Interactive Specials: The Future of Entertainment
May 13, 2020
Make a decision: get married or rescue the girls held hostage in a bunker.
This is one of the many choices you have to make while playing Netflix’s Unbreakable Kimmy Schmidt: Kimmy vs The Reverend. The witty Netflix comedy show returned for an interactive special starring Ellie Kemper as the lead who is faced with multiple dilemmas as she hopes to make it to her own wedding after putting an end to the Reverend’s evil plot.
Interactive specials have been persistent throughout Netflix’s wide range of TV shows and movies. Netflix has developed interactive specials for all ages from Captain Underpants to Black Mirror. In 2018, Black Mirror: Bandersnatch captivated audiences as it forced viewers to make twisted decisions that led to drug abuse and even murder. This is where the concept initially blew up and became a new form of entertainment for Netlflix to advertise.

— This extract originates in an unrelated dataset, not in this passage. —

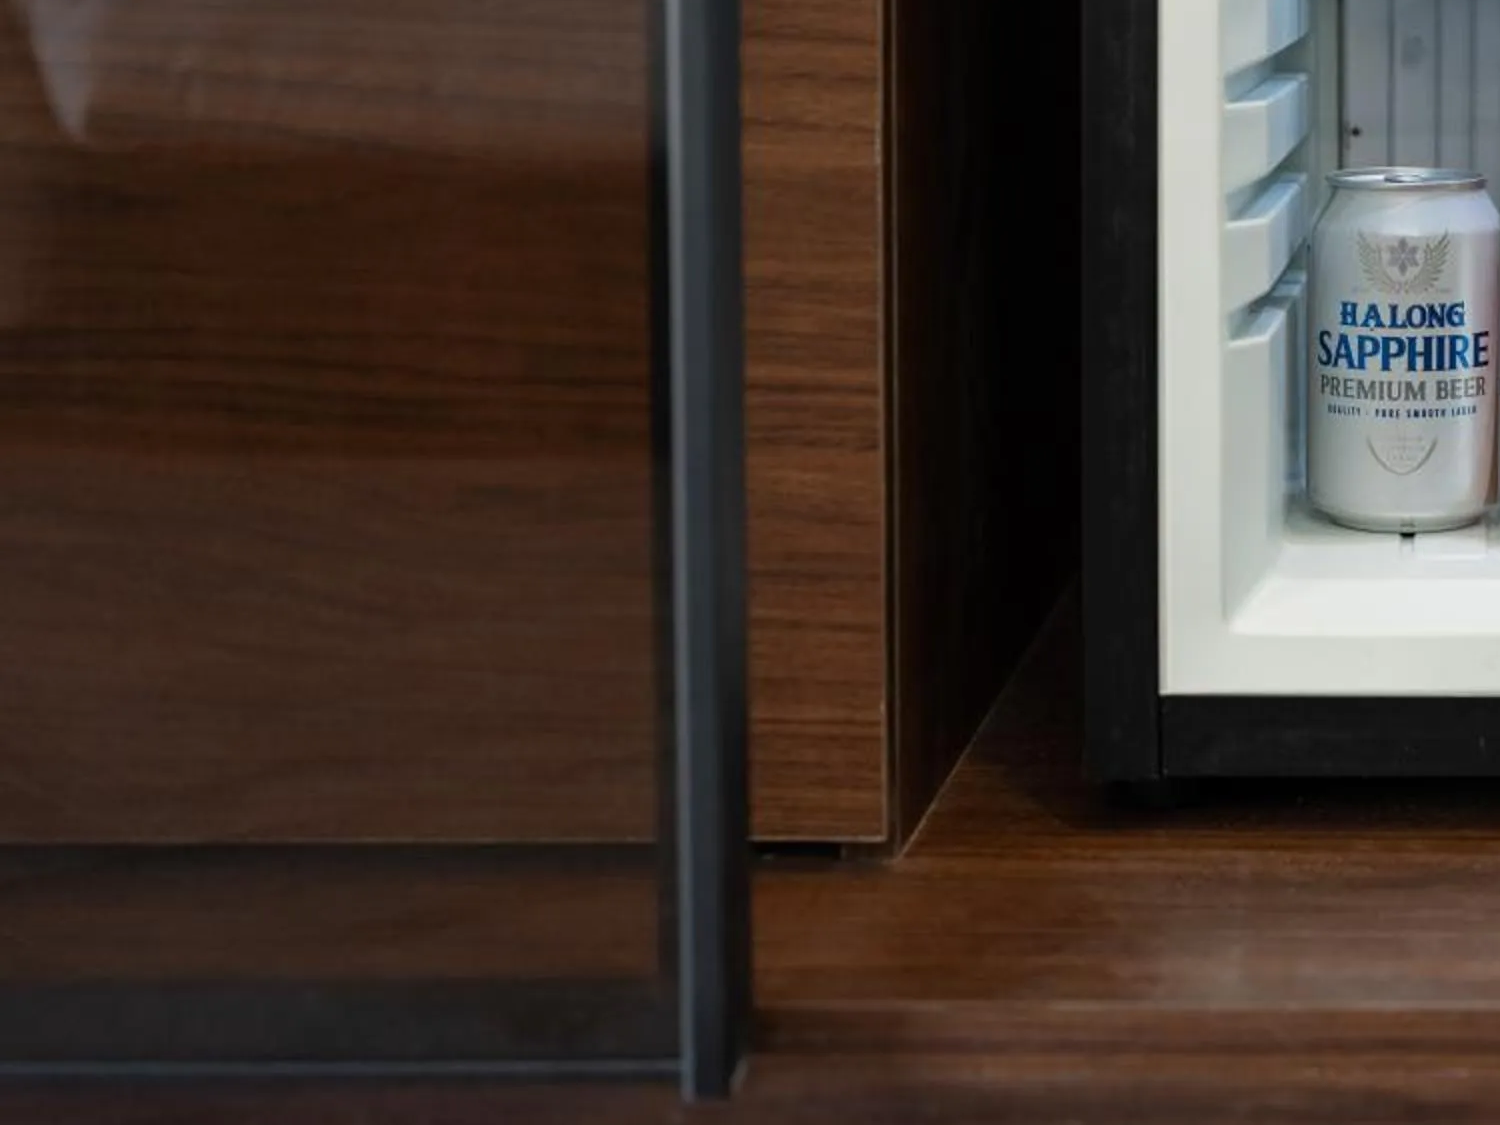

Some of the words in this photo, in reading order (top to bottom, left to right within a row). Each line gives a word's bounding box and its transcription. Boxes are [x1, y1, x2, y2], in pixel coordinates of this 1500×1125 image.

[1317, 329, 1490, 372] SAPPHIRE
[1320, 374, 1427, 402] PREMIUM
[1435, 376, 1487, 401] BEER

Netflix has stated “Interactive content is a fun new way to experience Netflix. In each interactive title, you can make choices for the characters, shaping the story as you go! Each choice leads to a different adventure, so you can watch again and again, and see a new story each time.”
The choose-your-own-adventure structure is designed to make viewers come back and play again expecting them to make different decisions in order to unlock the other endings. It mimics the format of role-playing video games such as The Witcher and Assassin’s Creed. Both put the player in full control of the narrative allowing them to make choices left and right with the fate of the characters in their hands. Black Mirror: Bandersnatch has over five endings with variants of each on the side with the episode ultimately lasting from 40 to 90 minutes.
As interactive entertainment is still in its early age, it’s easy to imagine where it will lead the future of Hollywood. The likelihood of some interactive films being released theatrically is definitely low as absurd as it sounds. Imagine an entire auditorium of people having to come to a consensus on the decisions displayed on screen. It may be implausible but pretty soon you could be in complete control of the next Marvel movie.